By Rachel Leber
ATLANTA — The United Parcel Service (UPS), based in Atlanta, announced plans on Feb. 7 to significantly increase its spending and investment in solar energy starting with at least eight of its facilities in the U.S. The estimated $18 million investment in new on-site solar photovoltaic (PV) projects will provide a nearly five-fold increase in the amount of power generated from solar at UPS facilities today. This significant installation of solar projects is slated for completion by the end of the year, according to Clean Technica.

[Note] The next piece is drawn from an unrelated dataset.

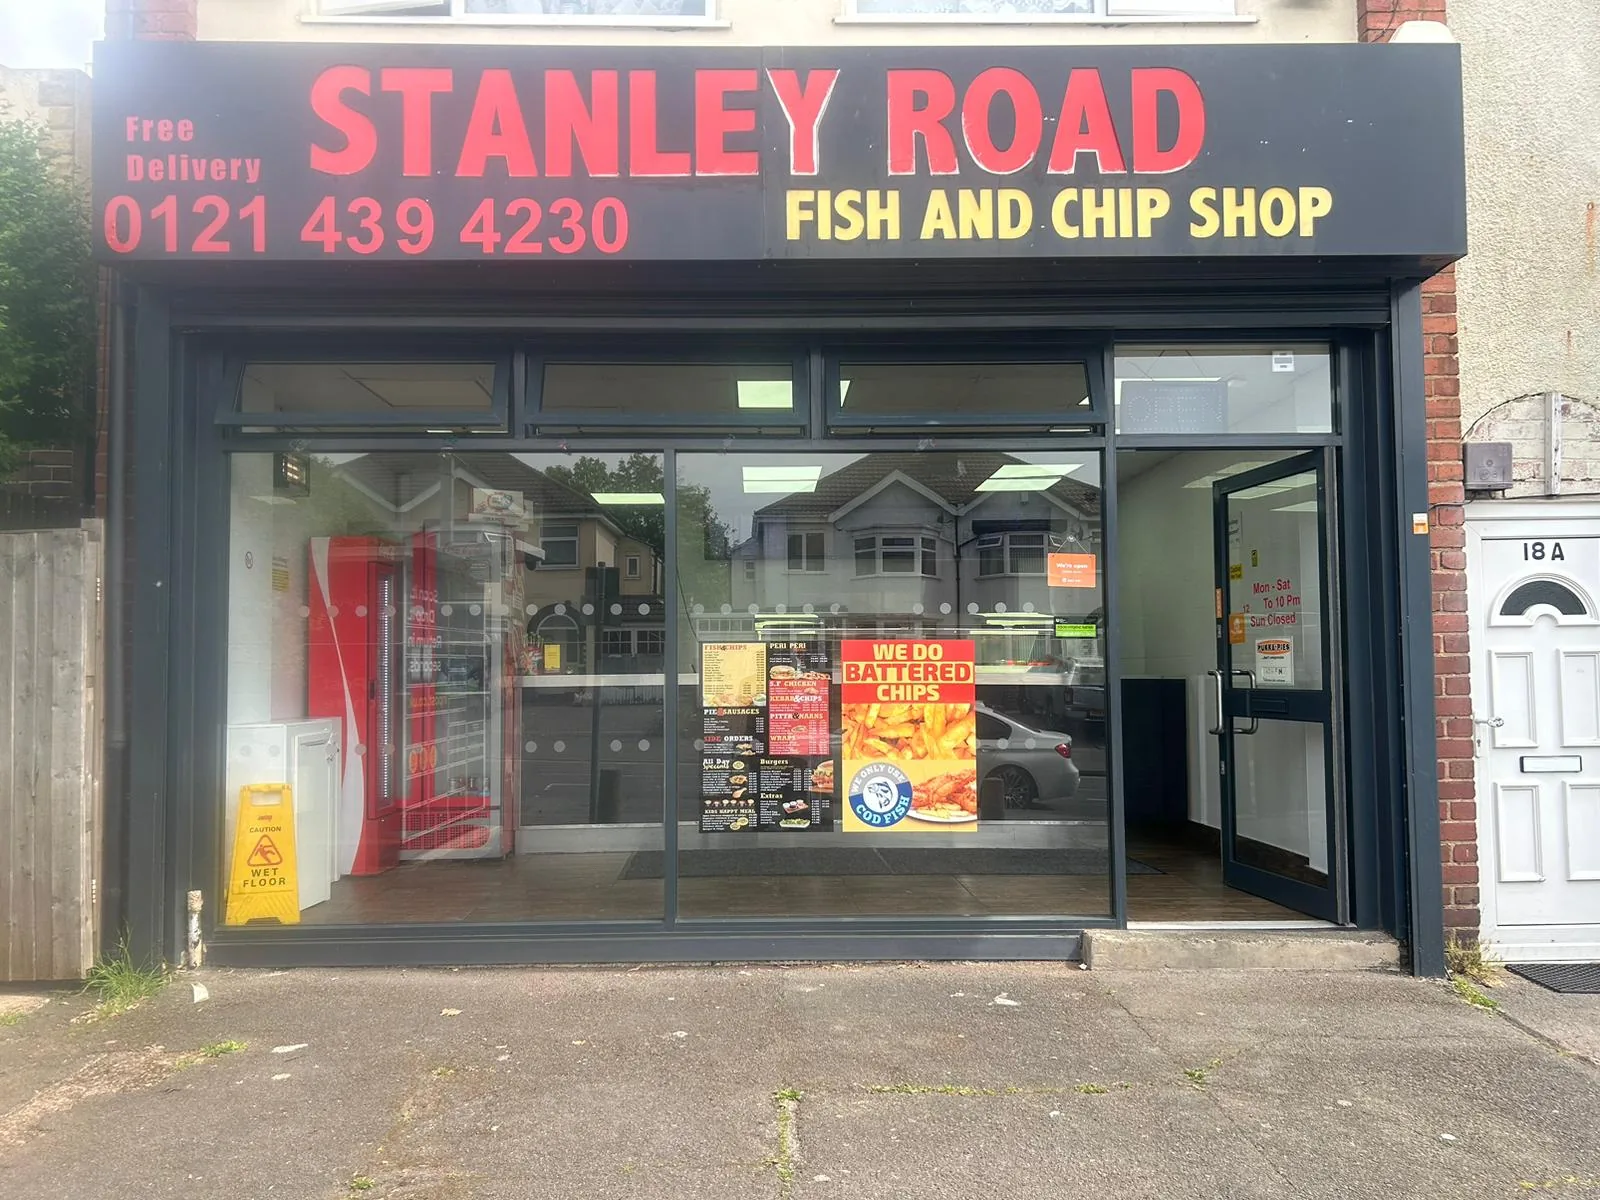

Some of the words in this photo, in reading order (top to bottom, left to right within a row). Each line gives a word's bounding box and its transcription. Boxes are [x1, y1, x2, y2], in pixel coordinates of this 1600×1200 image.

The investment in solar energy will include the addition of 26,000 solar panels to UPS’ 2,580 facilities throughout the world. Once installed, each building will effectively produce 50 percent of its daily energy use from the sun. UPS will own and operate the installations, providing additional flexibility over the long term as solar panels have the ability to generate electricity for more than 25 years. Altogether, these projects will total around 10 megawatts (MW) in nameplate electricity generation capacity. The company reported that these new projects would also offset around 8,200 metric tons of carbon dioxide emissions a year, according to a recent statement.
UPS began installing solar panels in 2004 at its Palm Springs, Calif., facility where the arrays are still generating approximately 110 kilowatts of sustainable energy, according to a statement from UPS. Since then, the company has expanded solar to its New Jersey facilities in the cities of Lakewood, Parsippany and Secaucus.
Overall, UPS has invested more than $750 million in alternative-fuel and advanced-technology vehicles and fueling stations globally since 2009. In 2014, the renewable energy program saved UPS nearly $200 million in energy costs. In addition to on-site solar energy investments, the company also recently invested in electric vehicle technologies, including electric vans, trucks and trikes.